- AIM OF THE TASK
Below are the records to transcribe exactly; do not include any images.
[[ MATERIALS PROVIDED open ]]
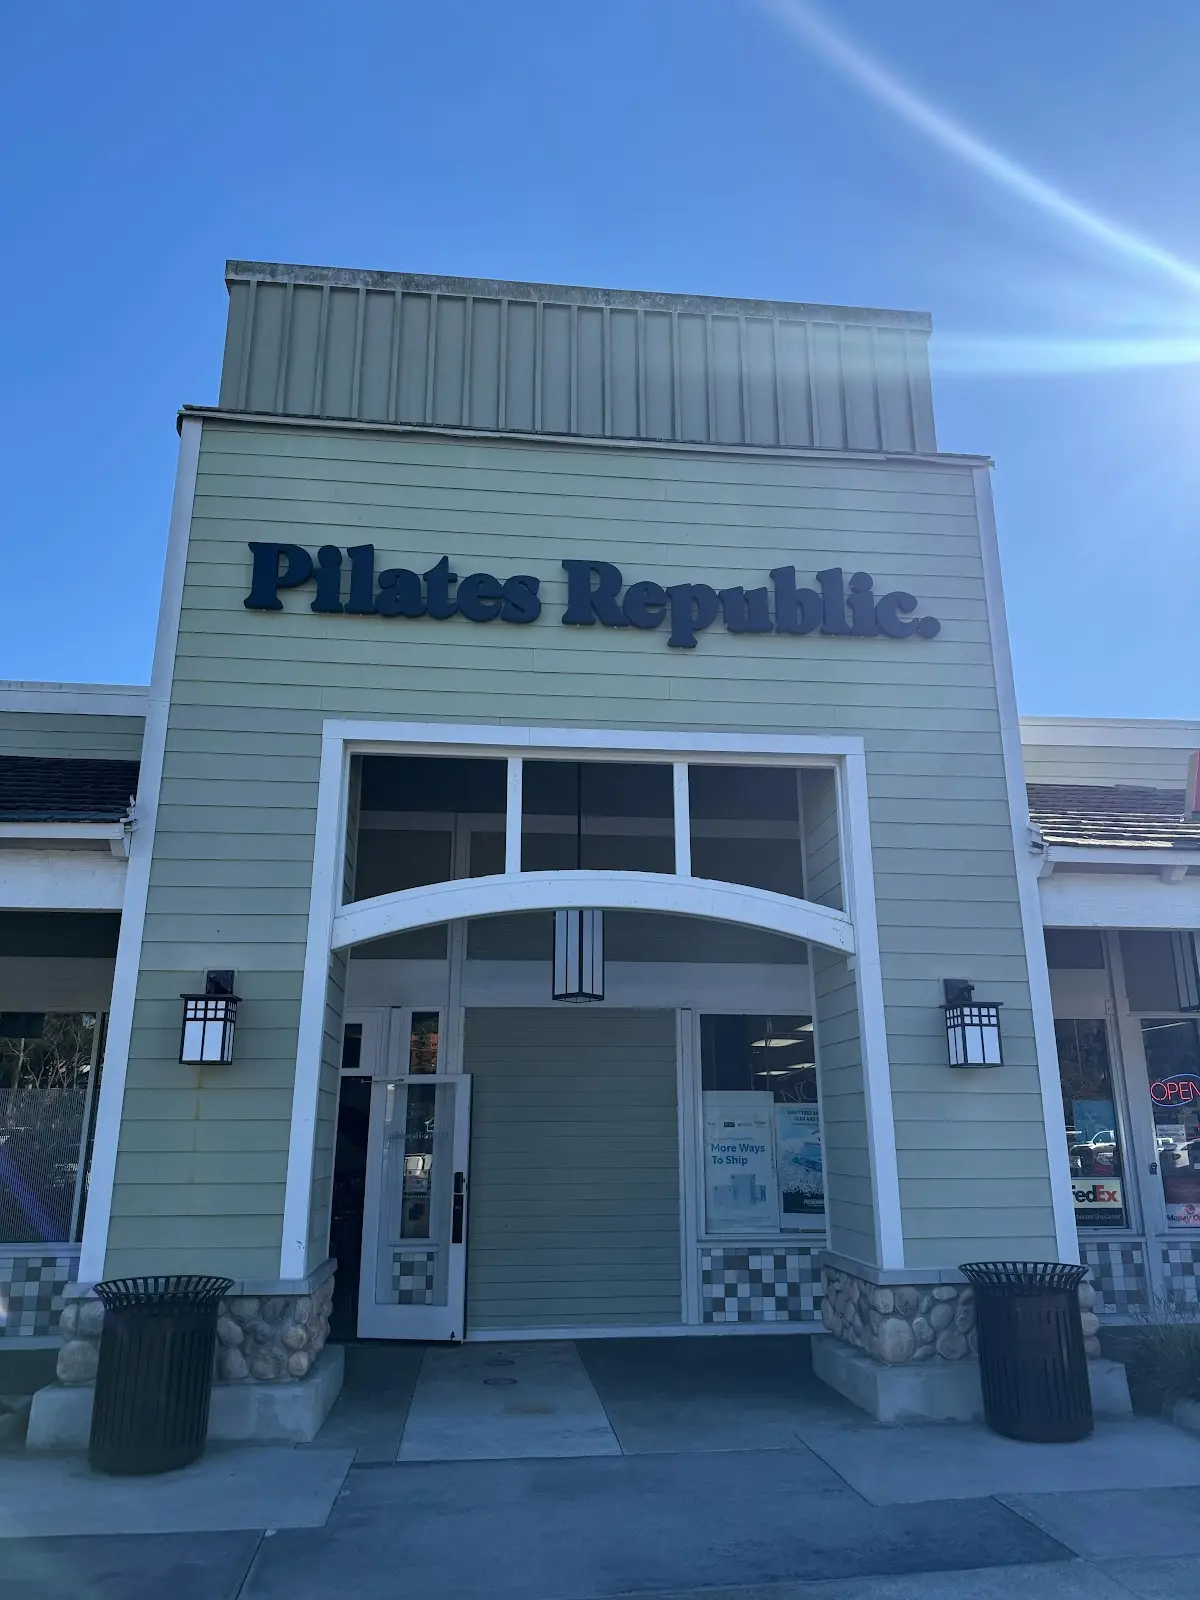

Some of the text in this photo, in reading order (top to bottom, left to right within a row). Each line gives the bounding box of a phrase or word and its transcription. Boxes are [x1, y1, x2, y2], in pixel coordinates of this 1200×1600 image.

[244, 541, 941, 648] Pilates Republic.
[711, 1143, 765, 1154] More Ways
[711, 1155, 748, 1166] To Ship
[1167, 1214, 1192, 1224] Money
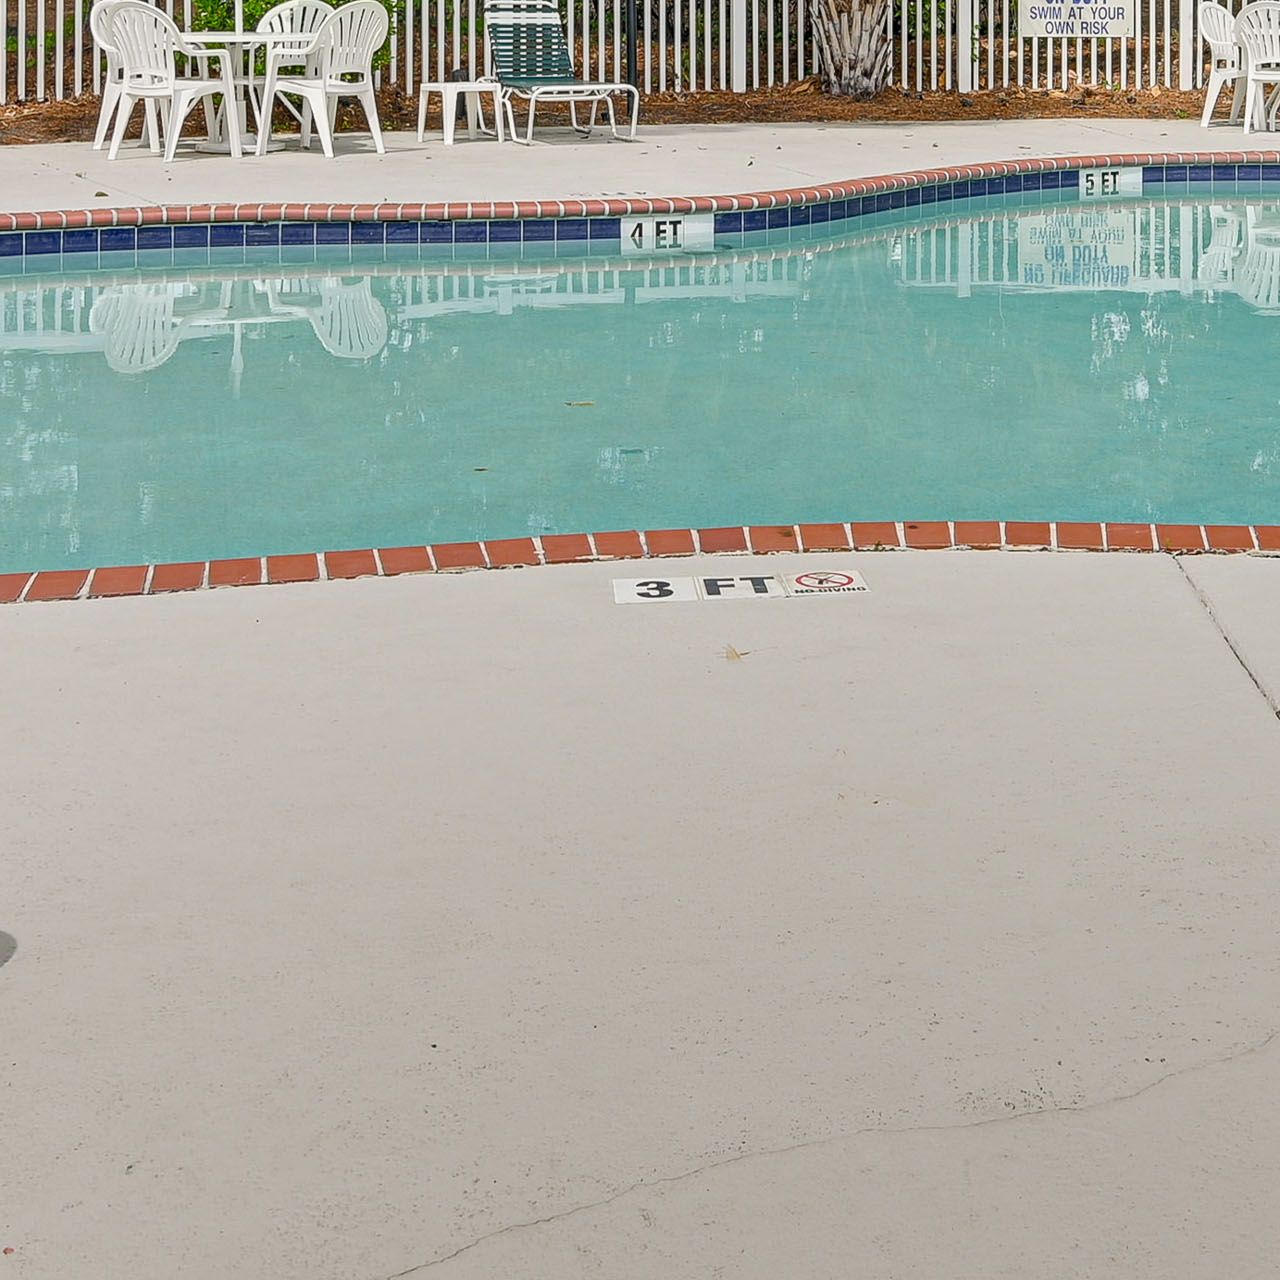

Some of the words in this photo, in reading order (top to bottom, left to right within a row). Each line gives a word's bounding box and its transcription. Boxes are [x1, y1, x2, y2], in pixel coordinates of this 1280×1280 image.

[1030, 6, 1062, 20] SWIM
[1068, 6, 1084, 20] AT
[1090, 6, 1125, 20] YOUR
[1045, 21, 1074, 34] OWN
[1080, 21, 1109, 34] RISK
[635, 580, 674, 598] 3
[703, 576, 774, 596] FT
[[ MATERIALS PROVIDED closed ]]
- TASK ANSWER
Some of the text in this photo, in reading order (top to bottom, left to right within a row). Each line gives the bounding box of a phrase or word and its transcription. Boxes are [x1, y1, x2, y2], in pixel coordinates of this 1200×1600 image.

[244, 541, 941, 648] Pilates Republic.
[711, 1143, 765, 1154] More Ways
[711, 1155, 748, 1166] To Ship
[1167, 1214, 1192, 1224] Money

Some of the words in this photo, in reading order (top to bottom, left to right within a row). Each line gives a word's bounding box and its transcription. Boxes are [x1, y1, x2, y2], in pixel coordinates of this 1280×1280 image.

[1030, 6, 1062, 20] SWIM
[1068, 6, 1084, 20] AT
[1090, 6, 1125, 20] YOUR
[1045, 21, 1074, 34] OWN
[1080, 21, 1109, 34] RISK
[635, 580, 674, 598] 3
[703, 576, 774, 596] FT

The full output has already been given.